Leave the images behind and copy every record exactly.

(Collected data)
* * * * * * *

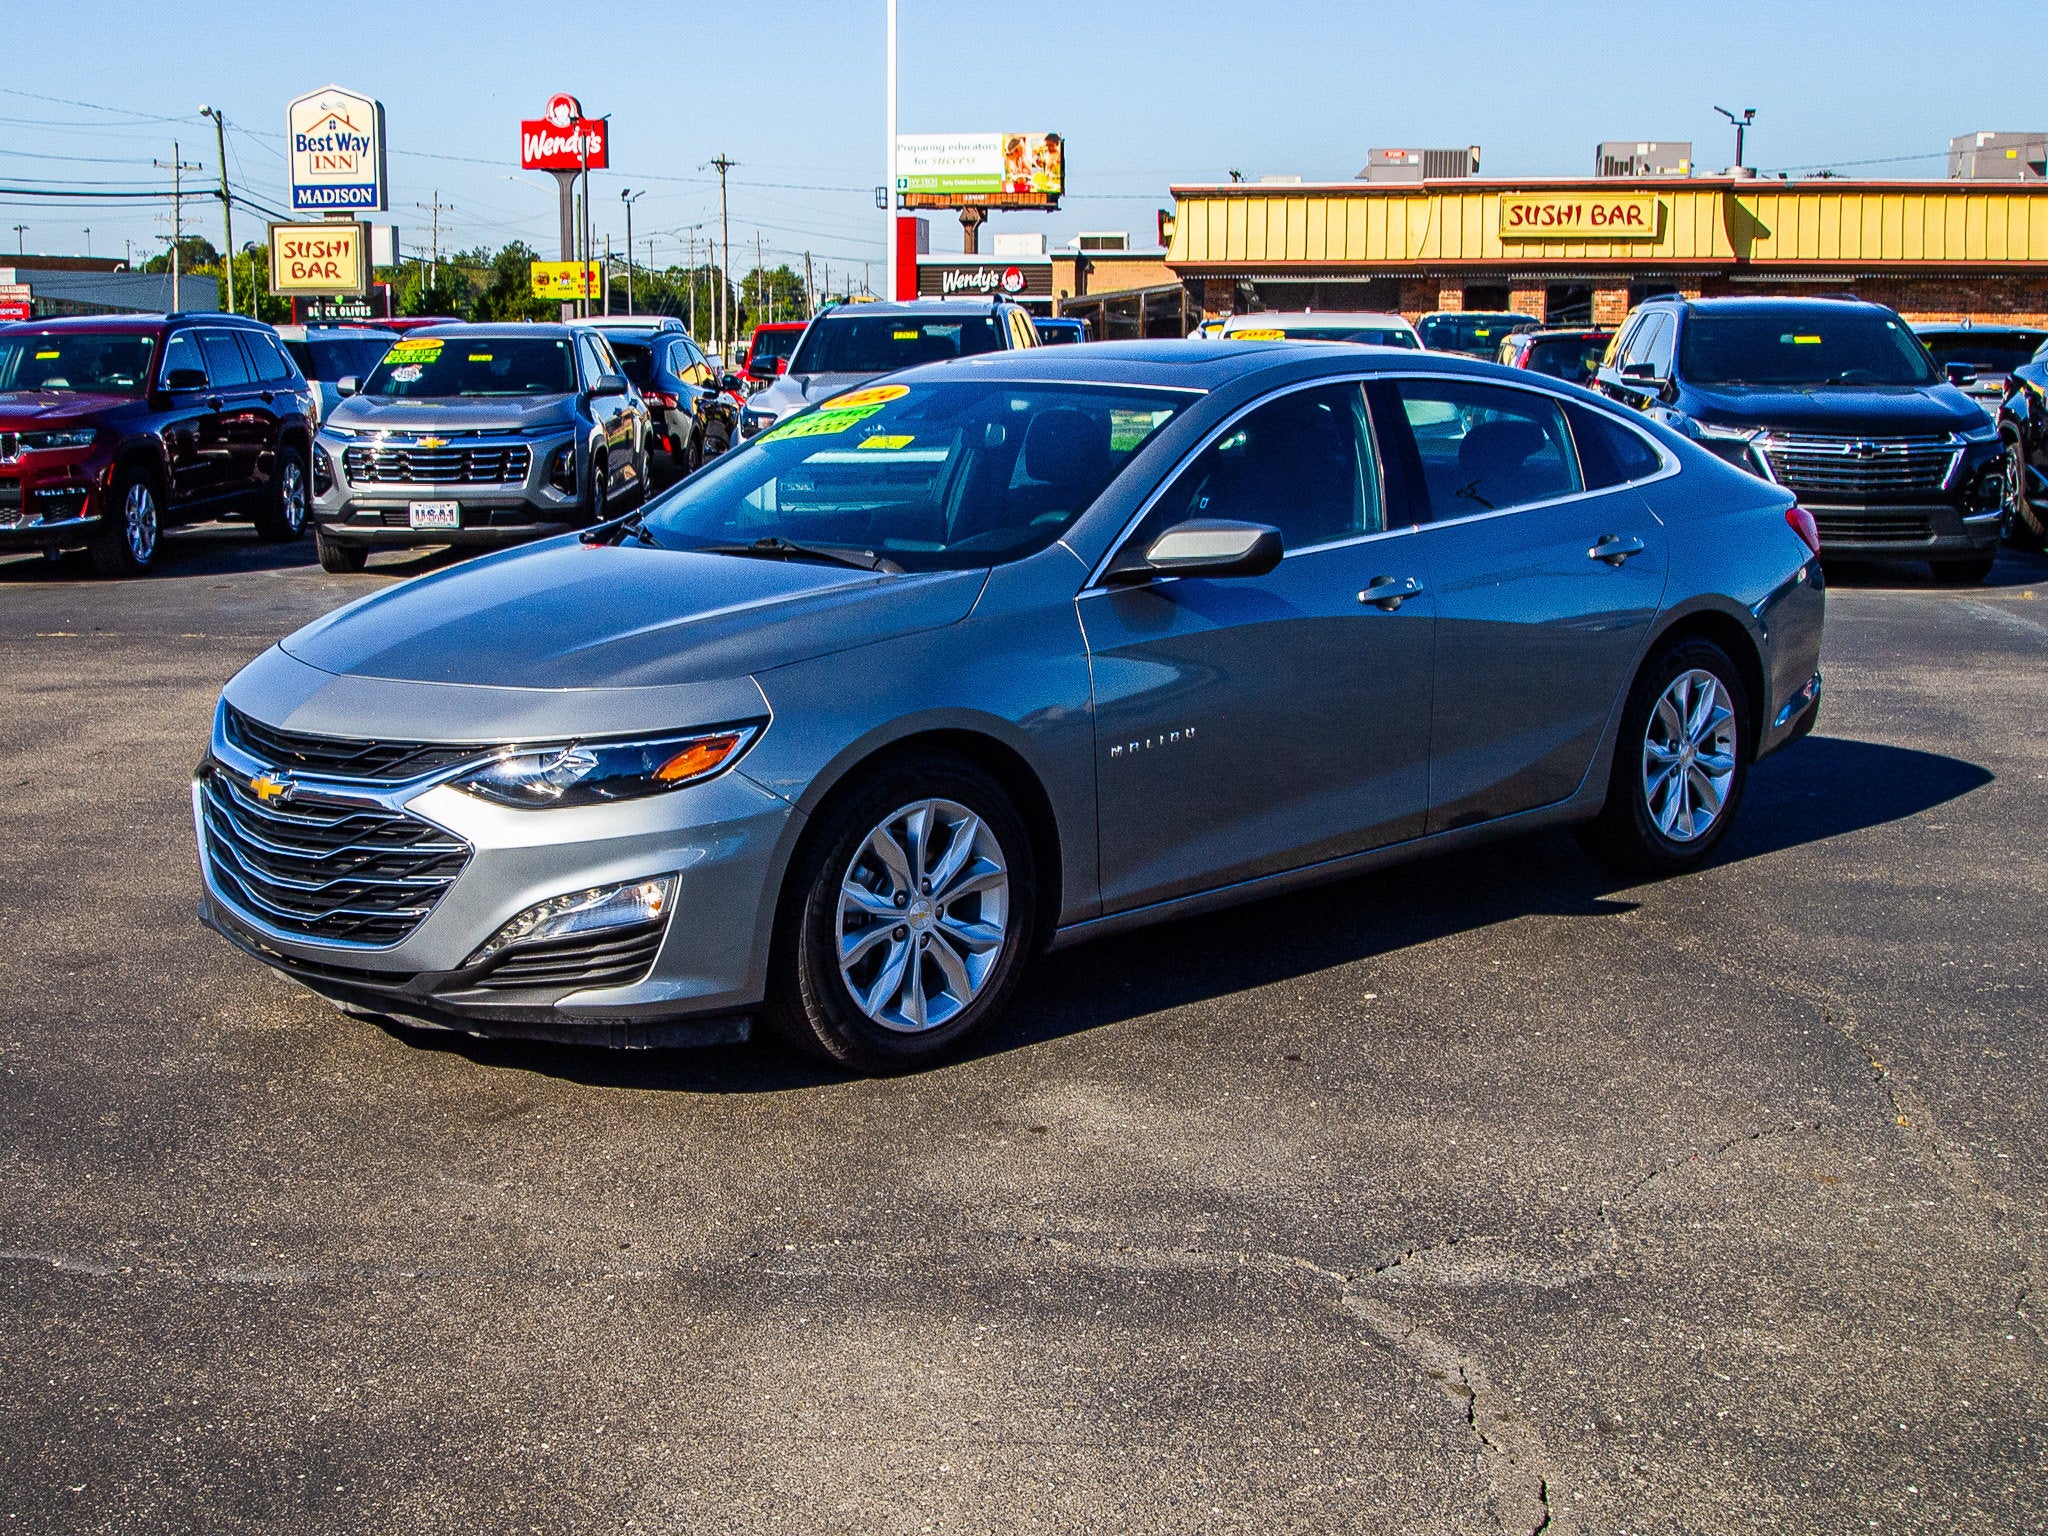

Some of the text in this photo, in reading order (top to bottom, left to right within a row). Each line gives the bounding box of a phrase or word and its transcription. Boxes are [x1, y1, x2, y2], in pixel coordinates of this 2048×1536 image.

[296, 132, 370, 157] Best Way
[524, 125, 602, 163] Wendy's
[897, 142, 998, 153] Preparing educators
[314, 154, 352, 169] INN
[914, 157, 976, 166] for success
[298, 188, 372, 204] MADISON
[1509, 204, 1644, 226] SUSHI BAR
[283, 240, 350, 259] SUSHI
[291, 261, 342, 279] BAR
[942, 266, 1000, 293] Wendy's
[307, 305, 372, 317] BLCK OLIVES
[1111, 727, 1196, 758] MALIBU
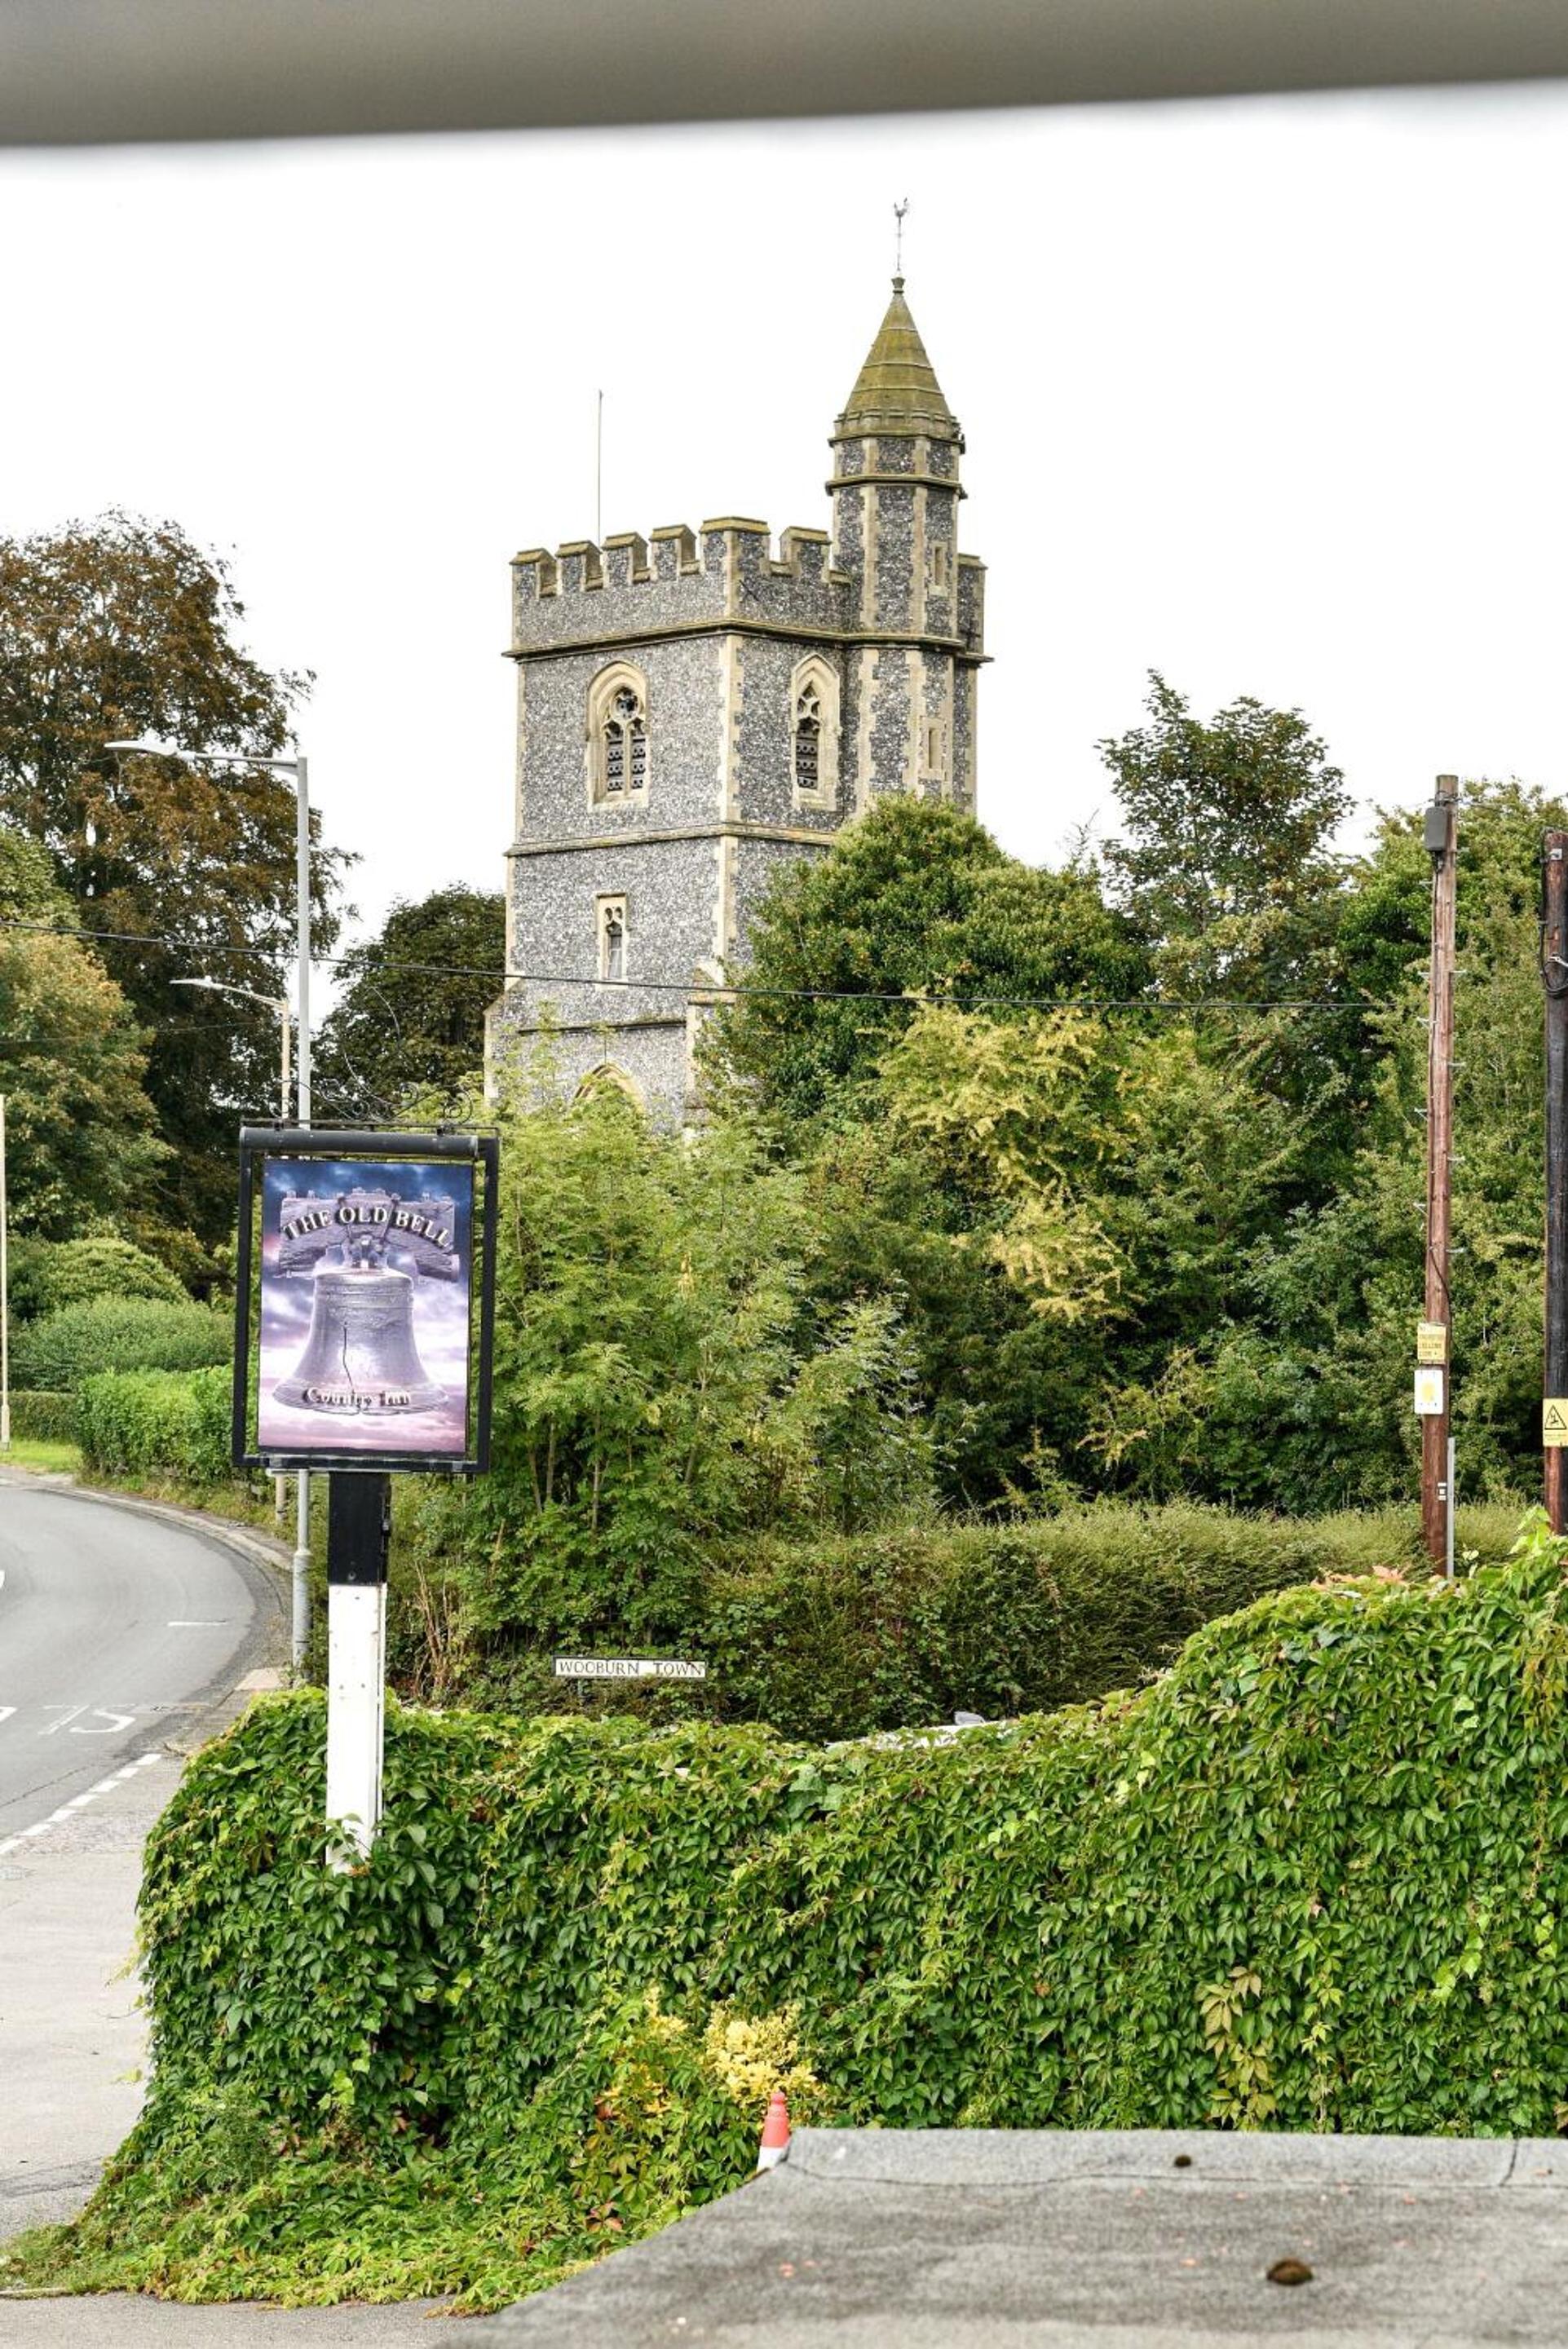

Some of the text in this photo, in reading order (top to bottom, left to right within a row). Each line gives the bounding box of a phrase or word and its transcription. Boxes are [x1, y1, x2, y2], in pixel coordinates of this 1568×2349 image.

[282, 1206, 449, 1247] THE OLD BELL
[306, 1387, 411, 1409] Country Inn
[559, 1660, 702, 1676] WOOBURN TOWN

* * * * * * *

» OUTPUT OF THE EXERCISE:
Some of the text in this photo, in reading order (top to bottom, left to right within a row). Each line gives the bounding box of a phrase or word and its transcription. Boxes are [x1, y1, x2, y2], in pixel coordinates of this 2048×1536 image.

[296, 132, 370, 157] Best Way
[524, 125, 602, 163] Wendy's
[897, 142, 998, 153] Preparing educators
[314, 154, 352, 169] INN
[914, 157, 976, 166] for success
[298, 188, 372, 204] MADISON
[1509, 204, 1644, 226] SUSHI BAR
[283, 240, 350, 259] SUSHI
[291, 261, 342, 279] BAR
[942, 266, 1000, 293] Wendy's
[307, 305, 372, 317] BLCK OLIVES
[1111, 727, 1196, 758] MALIBU

Some of the text in this photo, in reading order (top to bottom, left to right within a row). Each line gives the bounding box of a phrase or word and its transcription. Boxes are [x1, y1, x2, y2], in pixel coordinates of this 1568×2349 image.

[282, 1206, 449, 1247] THE OLD BELL
[306, 1387, 411, 1409] Country Inn
[559, 1660, 702, 1676] WOOBURN TOWN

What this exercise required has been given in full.